Member of the New Zealand Parliament for New Zealand First party list
- In office 27 July 2002 – 17 September 2005

Personal details
- Born: Edwin Jock Perry 1948
- Died: 4 June 2025 (aged 76–77)

= Edwin Perry =

New Zealand politician (1948–2025)

Edwin Jock Perry (1948 – 4 June 2025) was a New Zealand politician. He was a New Zealand First Member of Parliament from 2002 to 2005.

==Early life==
Perry was born in 1948. His father was Jock Perry, a farmer of English and Scottish ancestry from Tīnui in the Wairarapa, and his mother was Atareta Maremare Eria of Māori descent, affiliating with Rangitāne and Ngāti Kahungunu ki Wairarapa.

==Member of Parliament==

Perry was first elected to Parliament as a list MP in the 2002 election, having also stood in the Wairarapa electorate.
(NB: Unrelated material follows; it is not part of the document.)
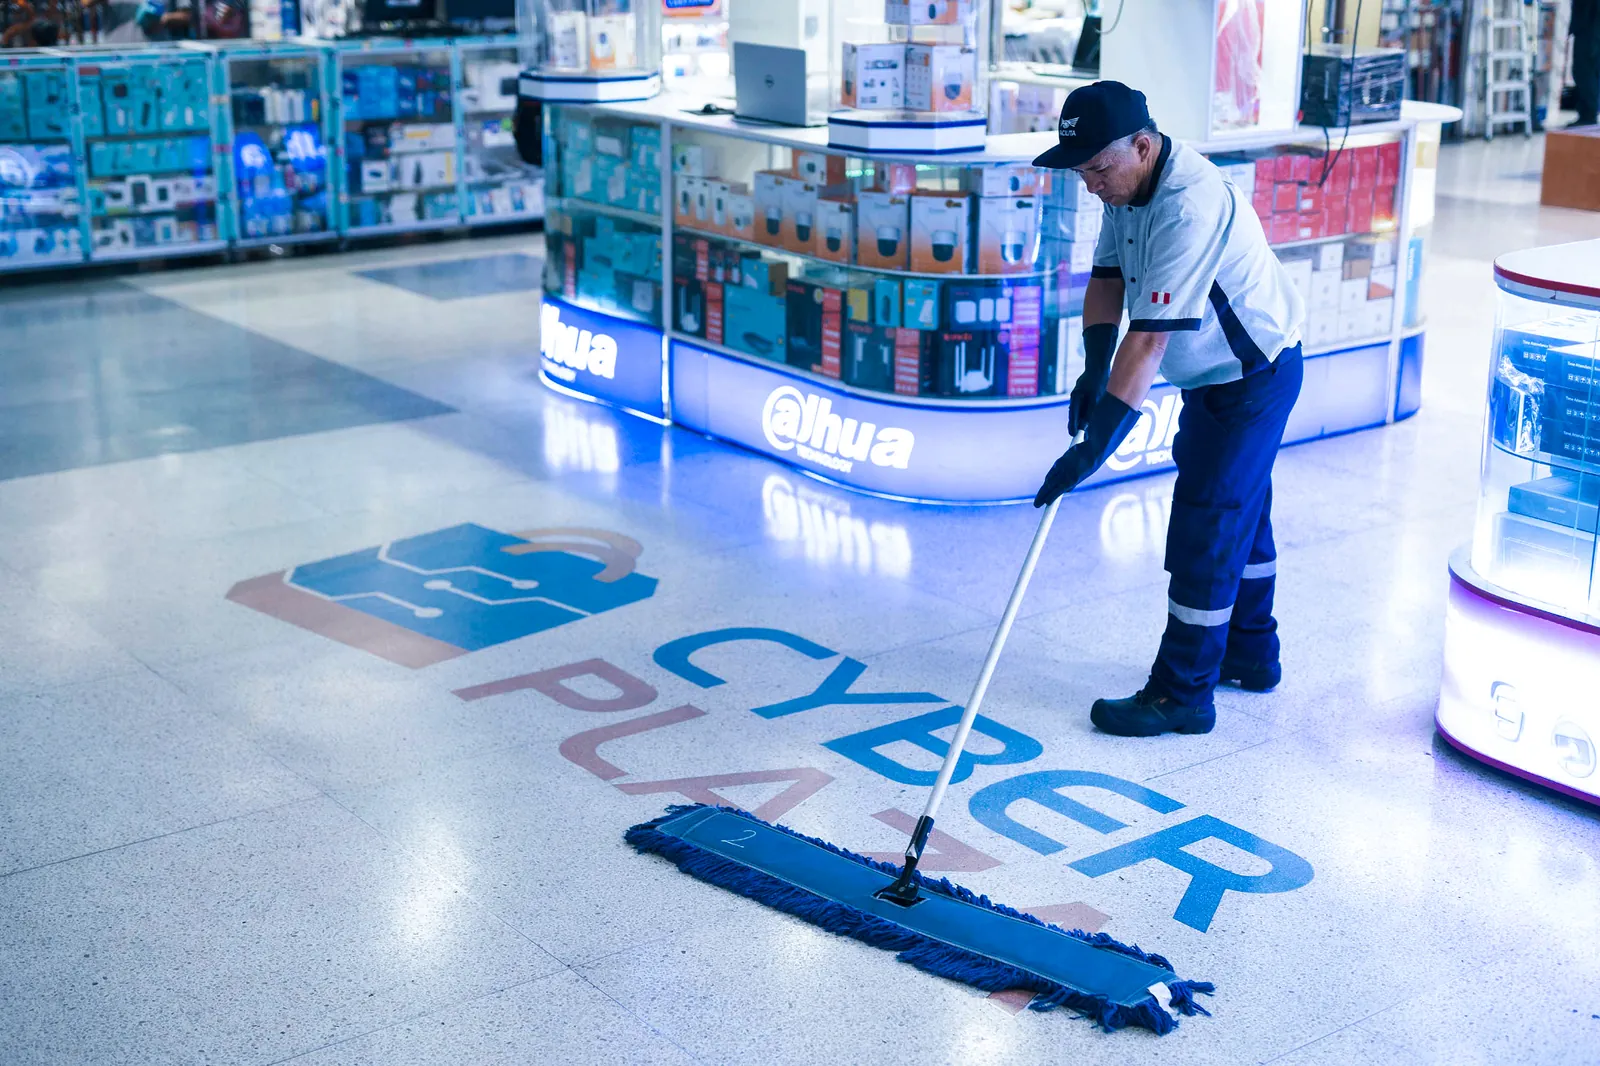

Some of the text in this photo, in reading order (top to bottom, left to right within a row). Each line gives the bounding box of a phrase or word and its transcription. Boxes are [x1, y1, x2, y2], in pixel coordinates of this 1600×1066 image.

[451, 658, 1112, 1017] PLA
[652, 627, 1315, 933] CYBER
[721, 829, 757, 849] 2
He formerly held office in the National Party's organisational wing. Before entering politics, he worked in marketing. He lost his seat in the 2005 election.

New Zealand Parliament
| Years | Term | Electorate | List | Party |  |
|---|---|---|---|---|---|
| 2002–2005 | 47th | List | 11 |  | NZ First |

==Life after Parliament==
From 2007 to 2010, Perry served as a Masterton District Councillor. At the 2008 general election, he stood unsuccessfully for New Zealand First in the Wairarapa electorate, finishing third with 2646 votes. At the 2011 and 2014 general elections, he was the New Zealand First candidate in the Tāupo electorate, coming fourth and third, respectively.

Perry died on 4 June 2025.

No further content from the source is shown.